All addictions are different, and it’s important to note that once you have discovered the reasons why one person became addicted, that’s just one person’s story. People with addictions come from varying backgrounds, and could have private reasons for their battles, unbeknownst to you. 

That said, there may be patterns you spot between your loved one, and another who is suffering. Withdrawal symptoms have very similar facets to them, which is why the individual can benefit from group therapy, when they’re ready. They’ll connect with people whose origins and backgrounds may vary, but the physical manifestations of withdrawals will feel excruciating to all. 

Part of educating yourself involves spotting patterns and learning to anticipate reactions. Certain dates, such as anniversaries, trigger people each year into drinking heavily or misusing substances. If you have a feeling that a stressful deadline at work will increase the chance of relapse, you can prepare to offer more support for your loved one at that time.

The key thing to remember is that addiction is a disease, which people learn to live with. Your loved one’s recovery journey will likely share characteristics with people who have been through similar. 

It’s advisory to balance what you know about this individual situation, with new knowledge on how addictions have upturned other people’s lives too. The more knowledge you have on the possibilities, the better equipped you will be to deal with situations as they come up.

As well, the act of you searching for reasons may humanise the person behind the addiction. The last thing you want is to withhold empathy at this vital time.

10. Deal With Your Denial, and Theirs 

Two people having a conversation

With addiction, it might not only be the person suffering who is in denial. You might not have admitted it to yourself aloud before, because you don’t want to impair your relationship with the person suffering.

Perhaps you have been ignoring your gut instinct, which is triggered every time they waste money you gave them, or socialise with friends who are also suffering from addictions. 

For you to type your question into a search bar just highlights that you have a suspicion about your loved one, which you may fear saying aloud. Of course, you will have to gather enough evidence and ask lots of questions to get a sense of the whole picture, but for you to do that, you must admit there may be a problem. 

It’s always better to have an open and honest conversation with the person involved, but that’s easier said than done. Their journey to recovery could be a lengthy process that involves you relying upon a vast reserve of patience, understanding and hope

It is quite likely that you aren’t the only person in denial. Maybe the individual you care about is in a foggy, confused state of blaming others and projecting their faults onto them.

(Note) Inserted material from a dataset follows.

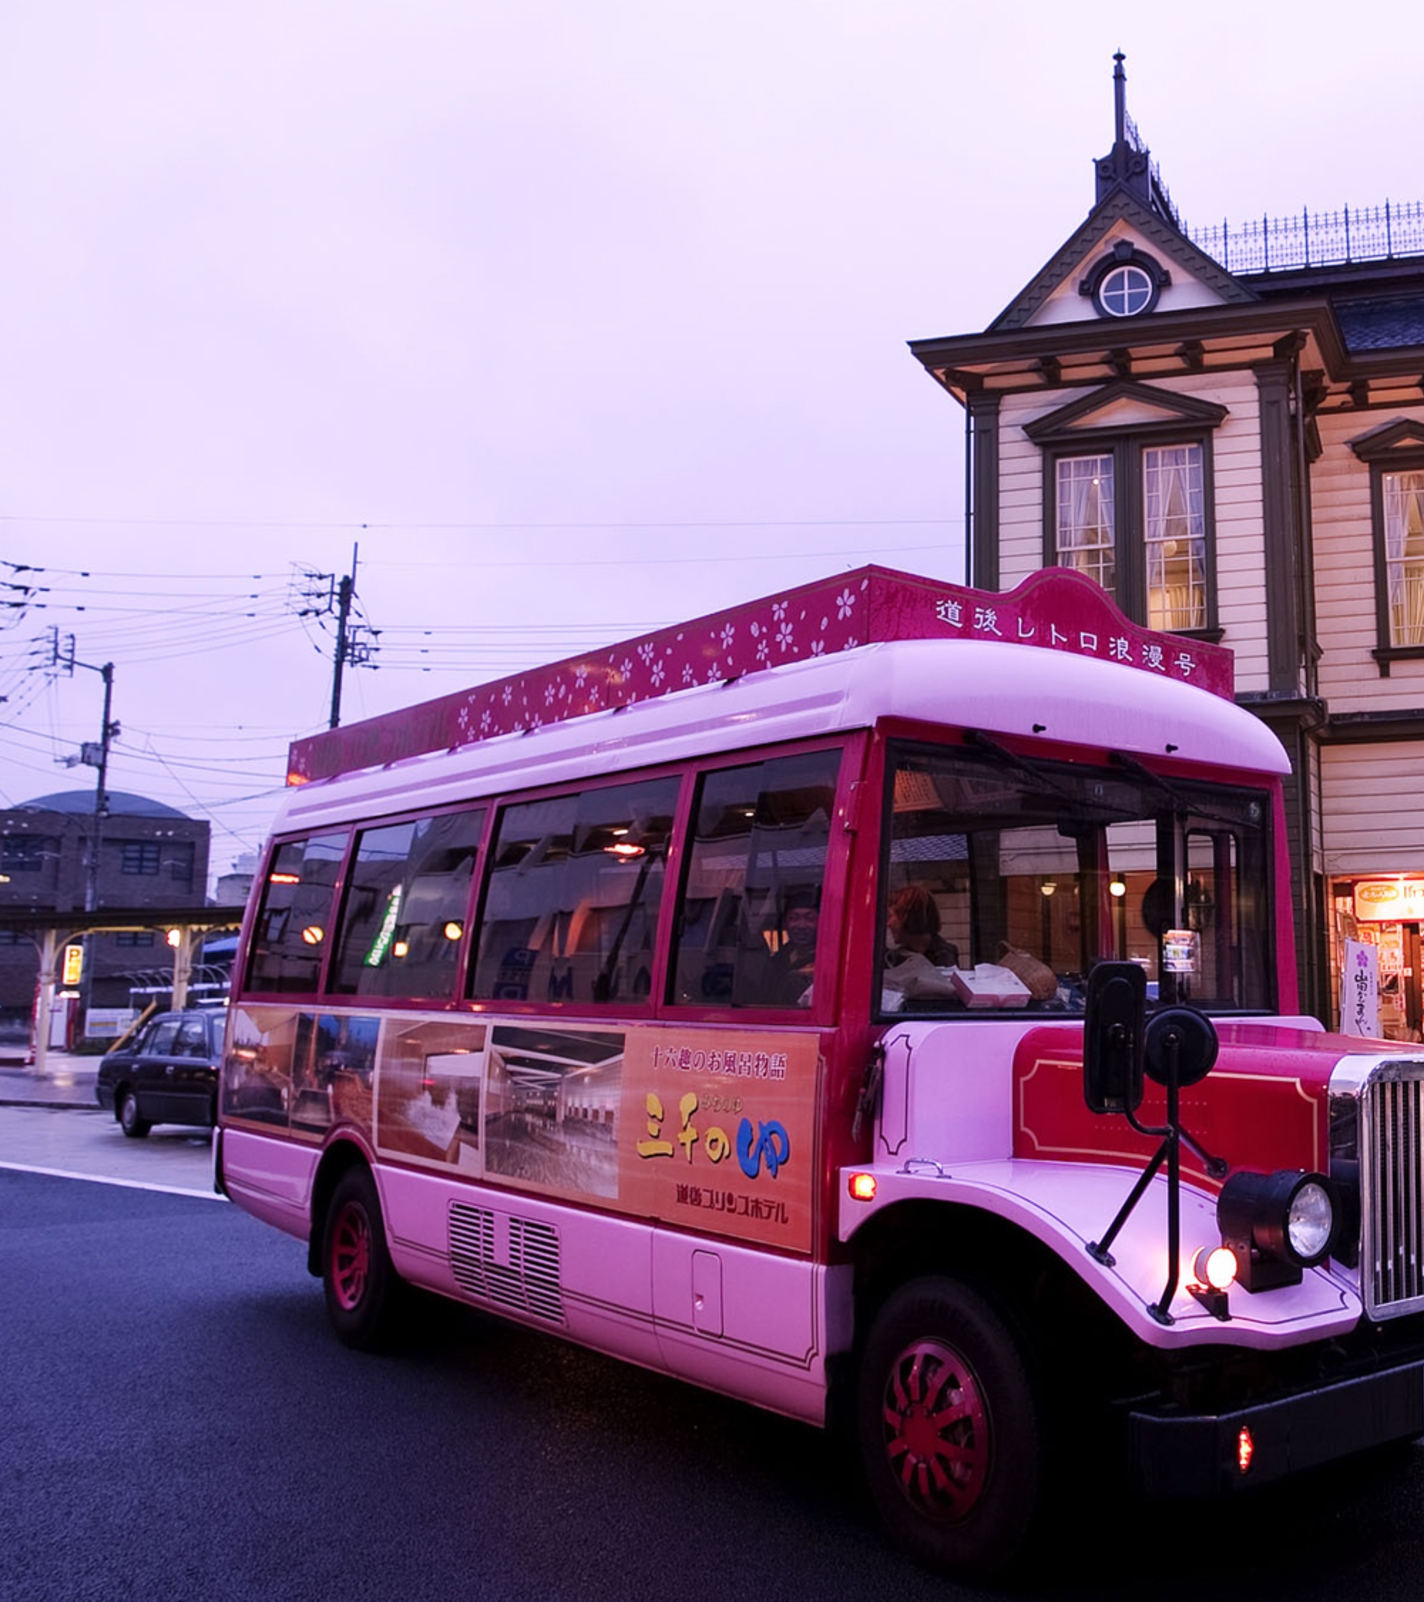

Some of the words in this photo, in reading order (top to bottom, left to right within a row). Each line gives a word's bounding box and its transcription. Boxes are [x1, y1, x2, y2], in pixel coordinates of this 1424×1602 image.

[936, 599, 1196, 677] 道後レトロ浪漫号
[676, 1184, 789, 1224] 道後プリンスホテル

They may change the topic of conversation to a flaw of your own, even going as far to suggest that the cause of the addiction is your neglect of them. They say things like, “If you had only answered the phone at midnight, I wouldn’t have had to go to the pub.” 

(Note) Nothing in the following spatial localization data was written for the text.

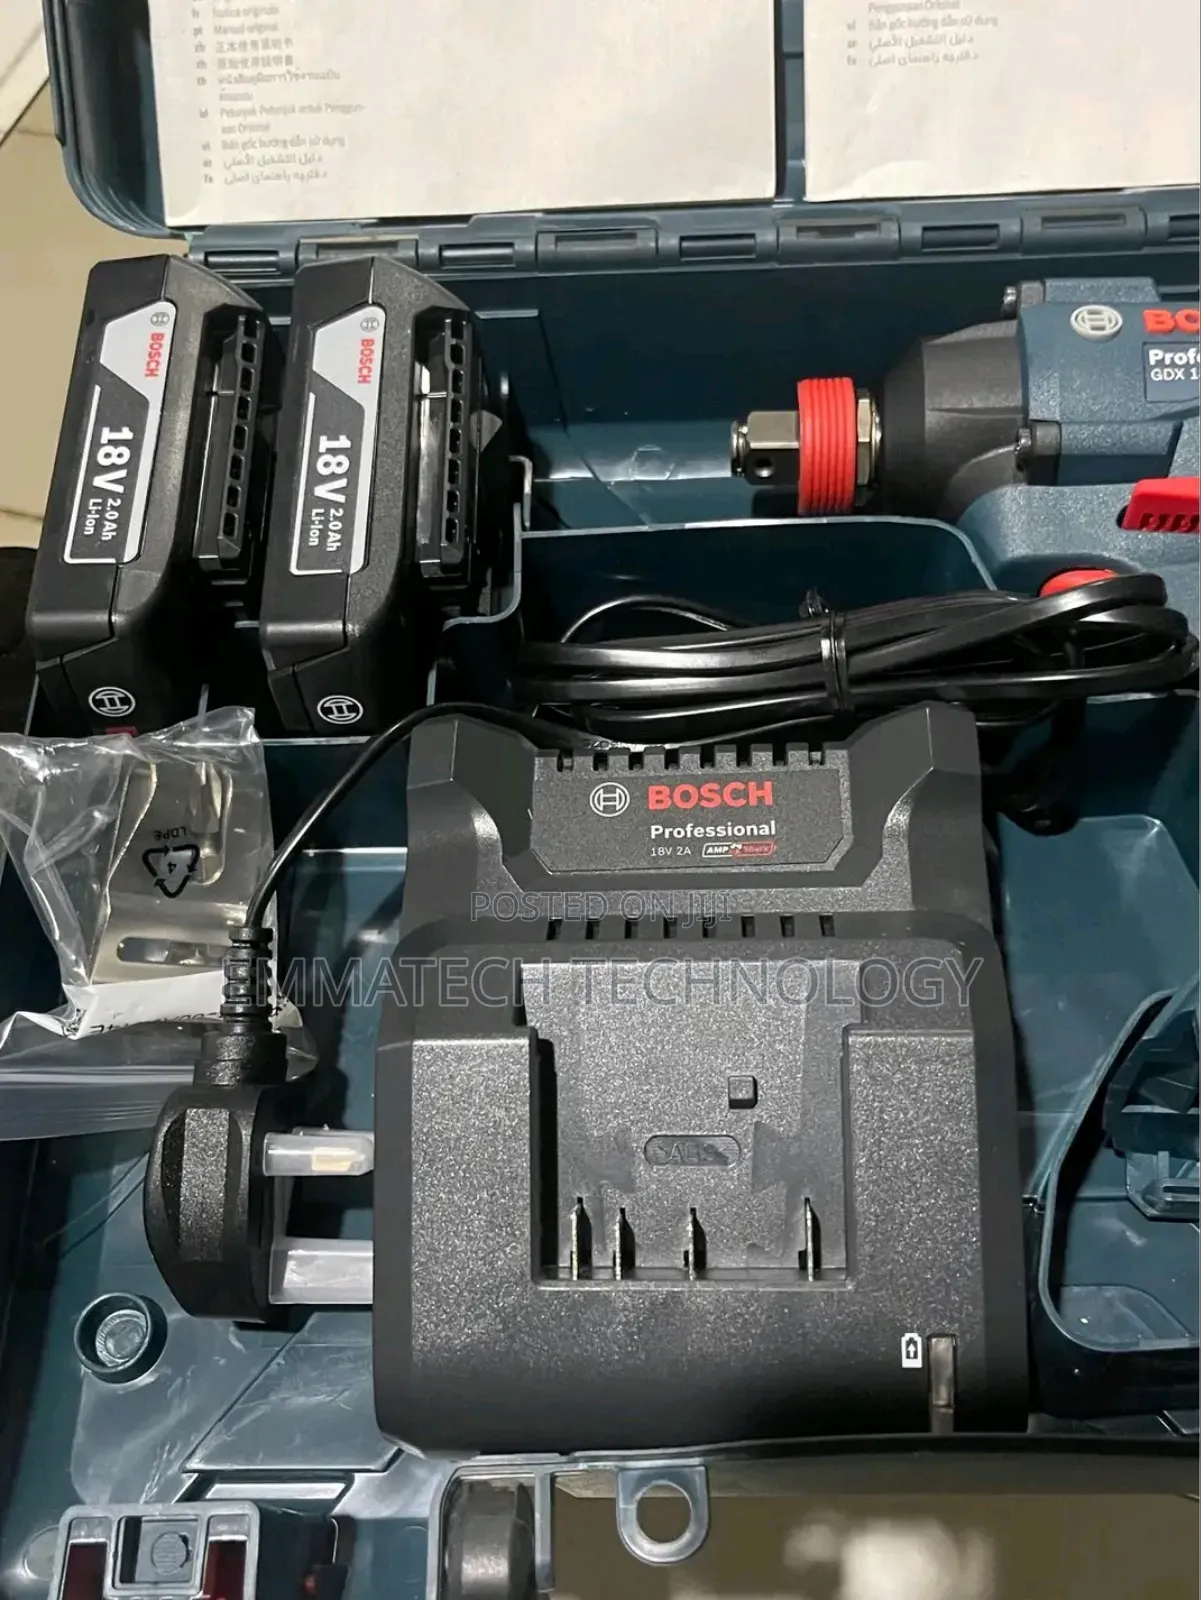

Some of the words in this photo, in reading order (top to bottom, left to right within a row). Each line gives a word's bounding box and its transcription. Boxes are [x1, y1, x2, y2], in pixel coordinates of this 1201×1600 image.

[144, 332, 164, 378] BOSCH
[357, 338, 375, 385] BOSCH
[1150, 367, 1185, 381] GDX
[92, 426, 134, 494] 18V
[313, 434, 352, 504] 18V
[648, 781, 773, 810] BOSCH
[650, 820, 776, 839] Professional
[650, 847, 672, 857] 18V
[676, 846, 692, 856] 2A
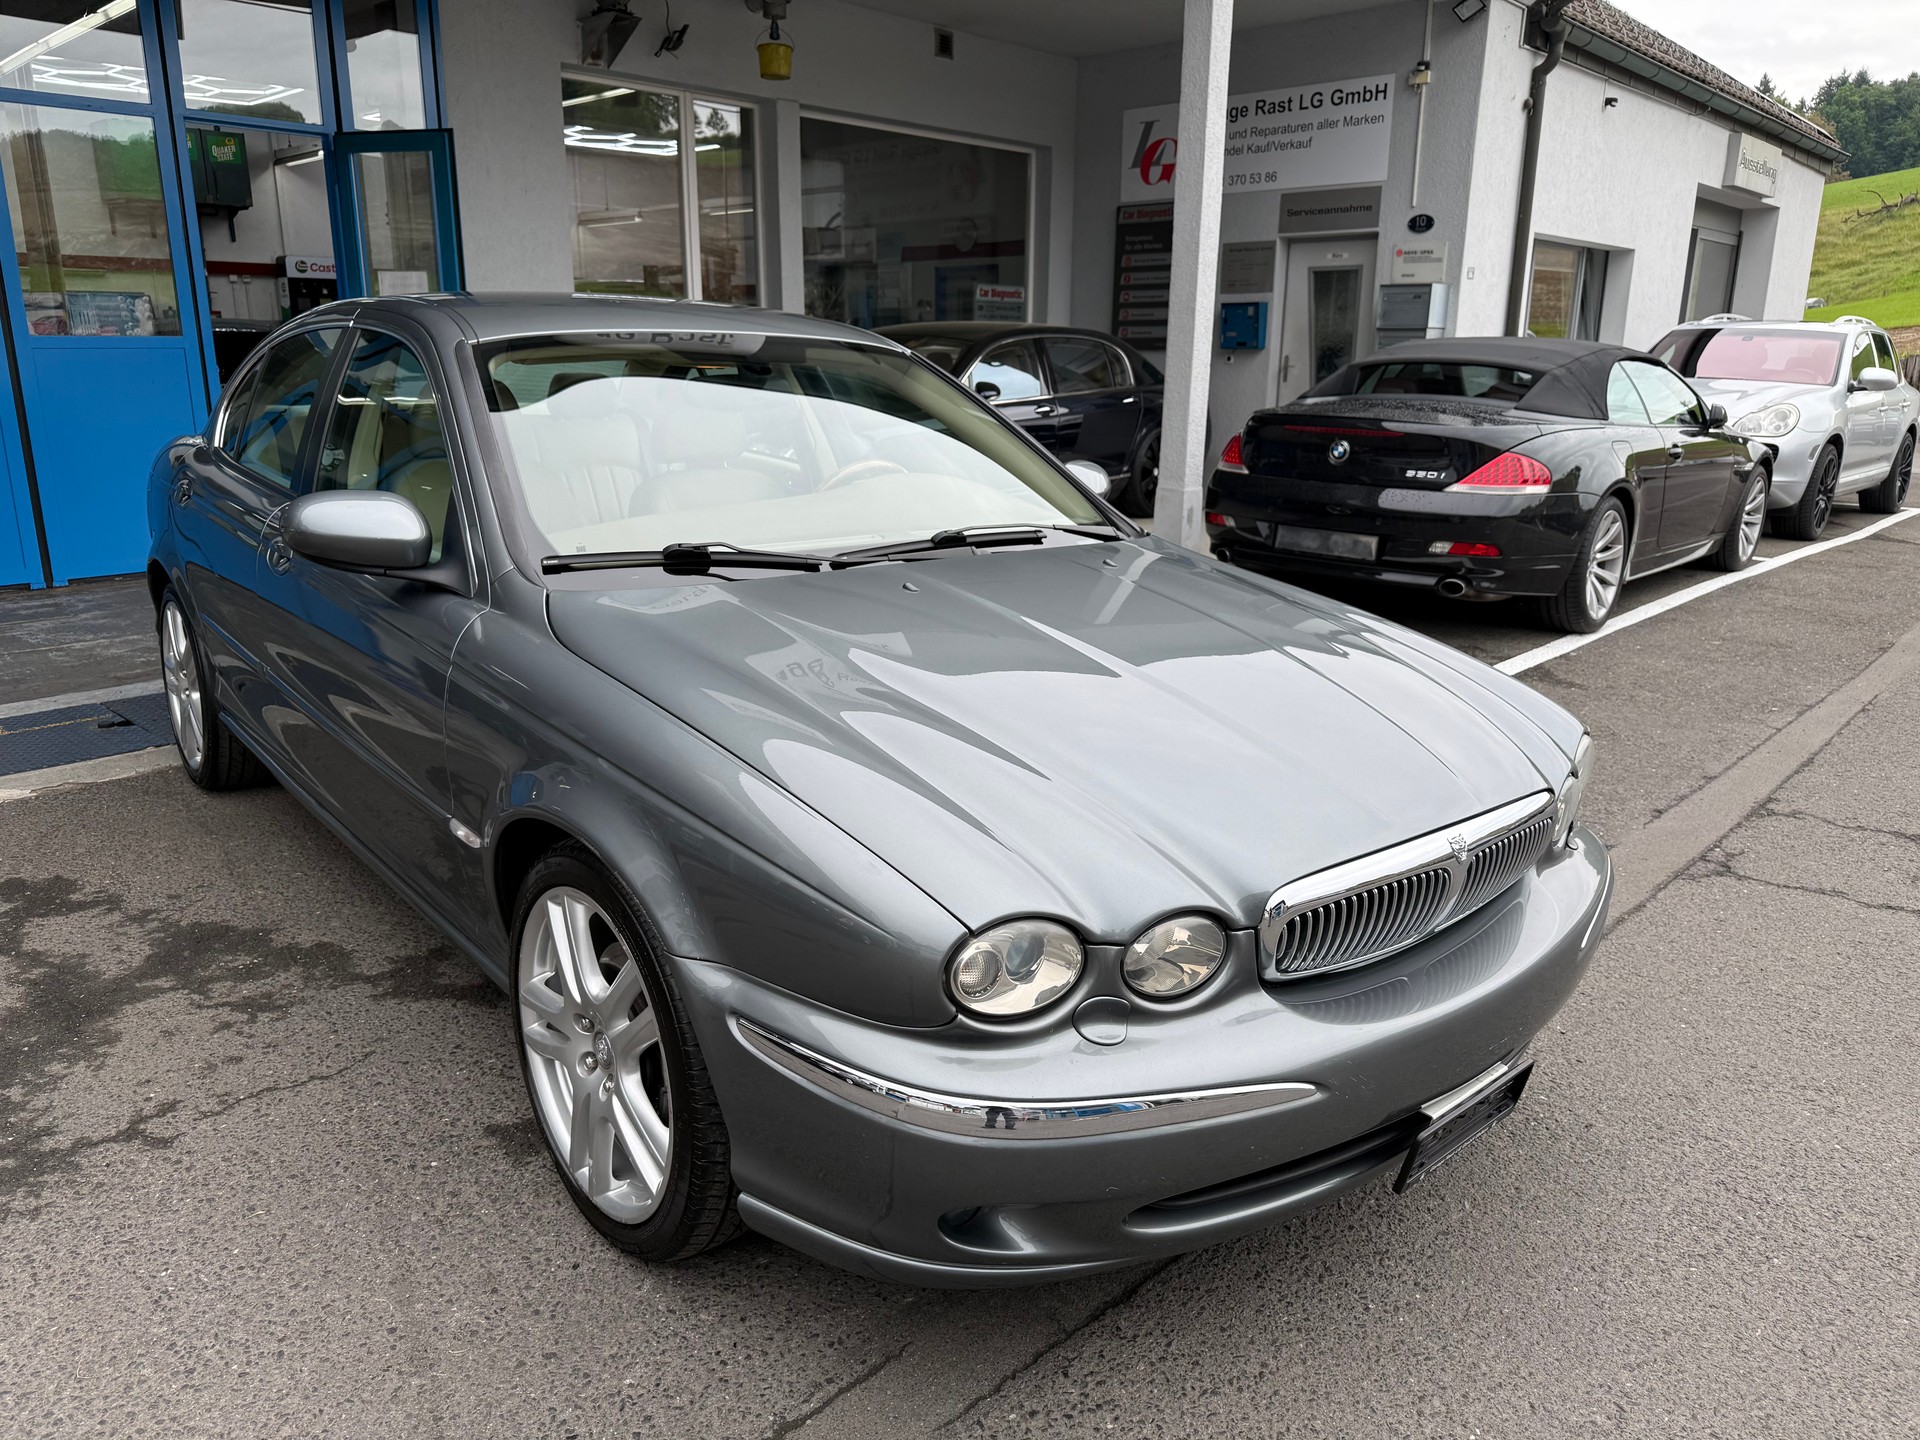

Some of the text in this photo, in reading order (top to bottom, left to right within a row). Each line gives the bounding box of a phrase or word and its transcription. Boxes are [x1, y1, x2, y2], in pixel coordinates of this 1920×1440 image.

[1254, 96, 1293, 116] Rast
[1299, 91, 1324, 111] LG
[1330, 83, 1388, 107] GmbH
[1229, 113, 1385, 140] und Reparaturen aller Marken
[1246, 136, 1314, 155] Kauf/Verkauf
[1228, 171, 1278, 187] 370 53 86
[1286, 204, 1373, 217] Serviceannahme
[1416, 216, 1427, 227] 10
[310, 262, 336, 273] Cast

In reality, they are deep in denial, which is a psychological mechanism that satisfies their need to see themselves in a positive light. 

By pretending that you are to blame, they manipulate the laws of cause-and-effect to diminish their own responsibility. This may well irk you, especially when you can see through it. 

Be patient with them if you can. You don’t want to use the later stages, of ultimatums and tough love, until absolutely necessary. It’s too early in the process to consider setting goals that come across as harsh, unforgiving or frightening for them.